The Glasgow Face Matching Test (GFMT) was a cognitive test designed to determine a person's ability to match different images of unfamiliar faces. Created by researchers Michael Burton (Mike Burton) of the University of York, David White of the University of New South Wales and Allan McNeill of Glasgow Caledonian University, the test was designed for use in academic research and in applied security settings, where reliable human performance on this task is a common requirement of identity management systems.

The test was created using a database of photographs, taken of a demographically heterogeneous sample of 300 people. Images of the individuals were captured in a fifteen-minute session on two digital cameras (one video, one still). Similar individuals were paired to make "different" pairs and "same" pairs were made by pairing images from the two different cameras. All images used were high quality, with the subject standing face on and looking straight at the camera lens, which was positioned at head height.

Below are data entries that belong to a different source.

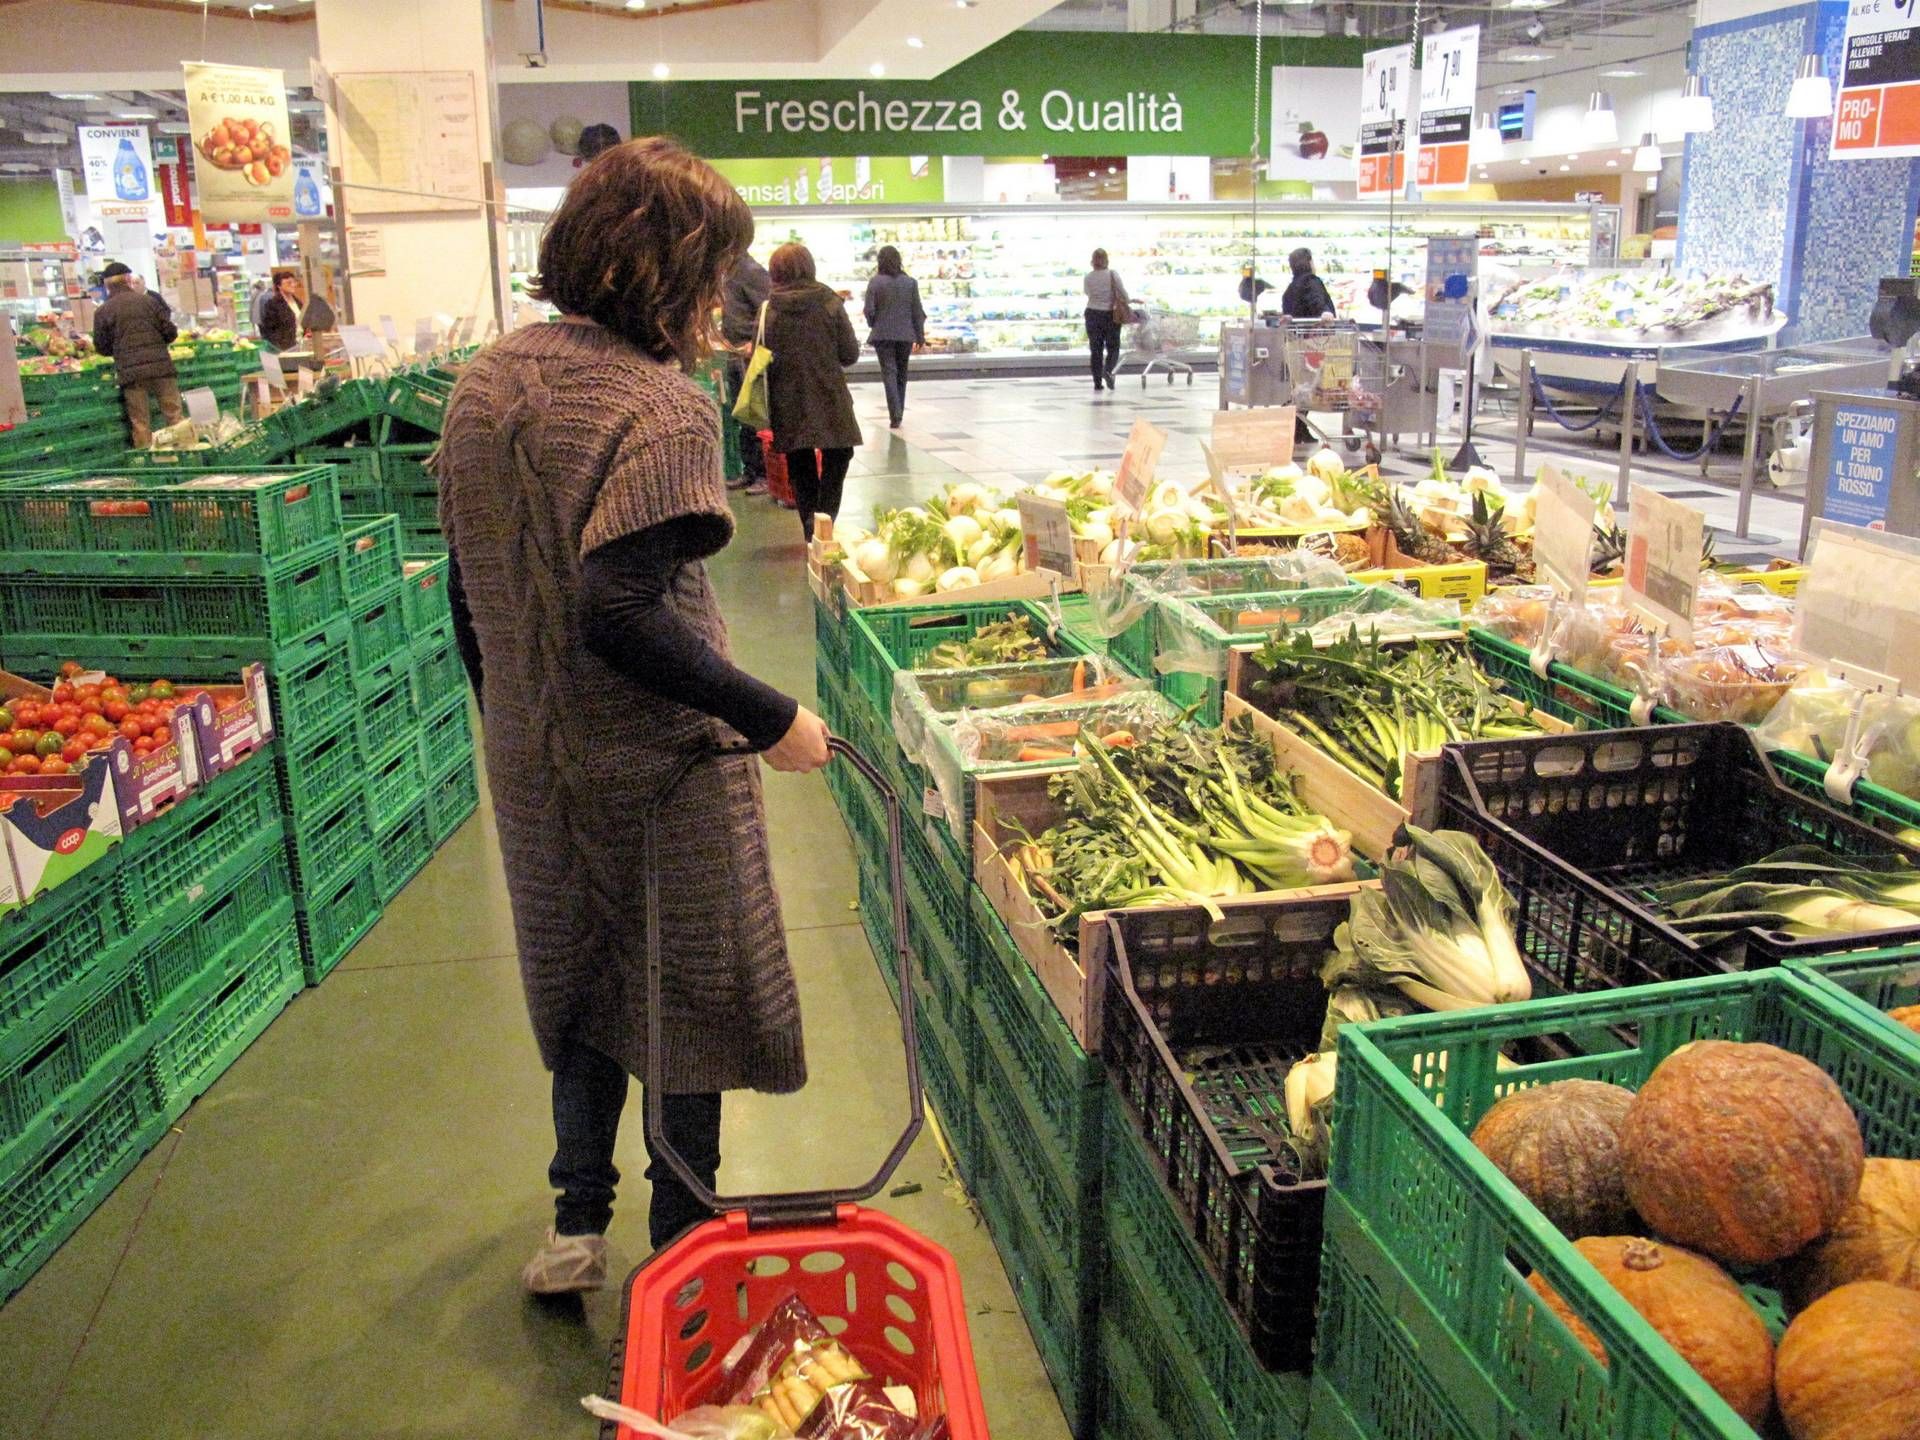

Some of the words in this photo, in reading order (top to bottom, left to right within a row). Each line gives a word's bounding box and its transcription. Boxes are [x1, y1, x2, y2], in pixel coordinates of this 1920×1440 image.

[1851, 33, 1884, 48] VONGOLE
[1884, 29, 1910, 43] VERACI
[1849, 45, 1883, 59] ALLEVATE
[1848, 58, 1870, 70] ITALIA
[735, 91, 982, 133] Freschezza
[998, 89, 1027, 131] &
[1041, 90, 1183, 133] Qualità
[1841, 98, 1876, 120] PRO-
[87, 128, 140, 139] CONVIENE
[1839, 121, 1862, 141] MO
[736, 186, 785, 201] ensa
[1836, 411, 1896, 433] SPEZZIAMO
[1842, 428, 1857, 444] UN
[1858, 432, 1884, 449] AMO
[1850, 447, 1872, 464] PER
[1835, 460, 1845, 476] IL
[1847, 462, 1883, 482] TONNO
[1838, 477, 1875, 498] ROSSO.
[61, 832, 80, 849] coop
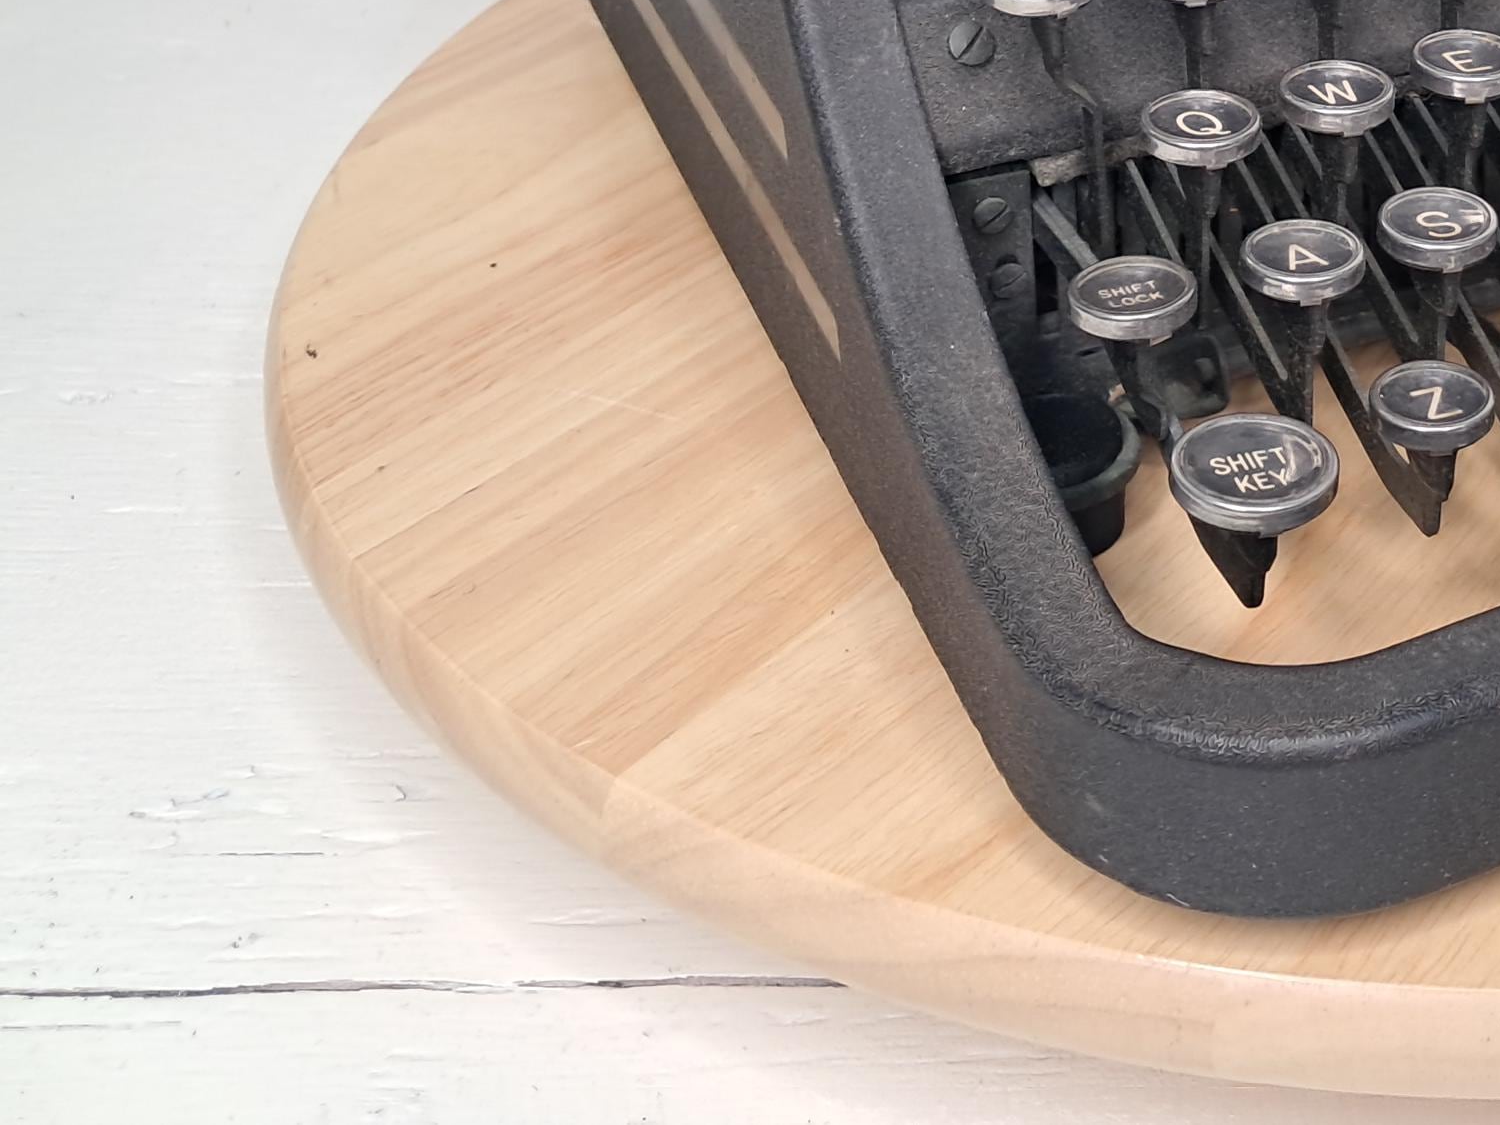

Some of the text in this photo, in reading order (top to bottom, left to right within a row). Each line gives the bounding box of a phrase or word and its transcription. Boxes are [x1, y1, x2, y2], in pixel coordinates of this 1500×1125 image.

In 2022, an updated version of the GFMT was published in the journal Behavior Research Methods. The GFMT2 replaces the earlier GFMT which has been discontinued.

The GFMT2 uses the same source database of photographs as the original test, but draws on images from video files that were not used in the original GFMT. There are three GFMT2 subtests: (i) GFMT2-S is an 80-item test, (ii) GFMT2-High is a 40 item test for studies targeting high performing participants, (iii) GFMT2-Low is a 40 item test for studies targeting low performing participants.

In 2025, a paper by David White and colleagues found that average test scores attained on the GFMT2 subtests varied considerably depending on how these participants were recruited. In light of these findings, GFMT2-High is now considered the standard Glasgow Face Matching Test version as it provides the most optimal psychometric properties.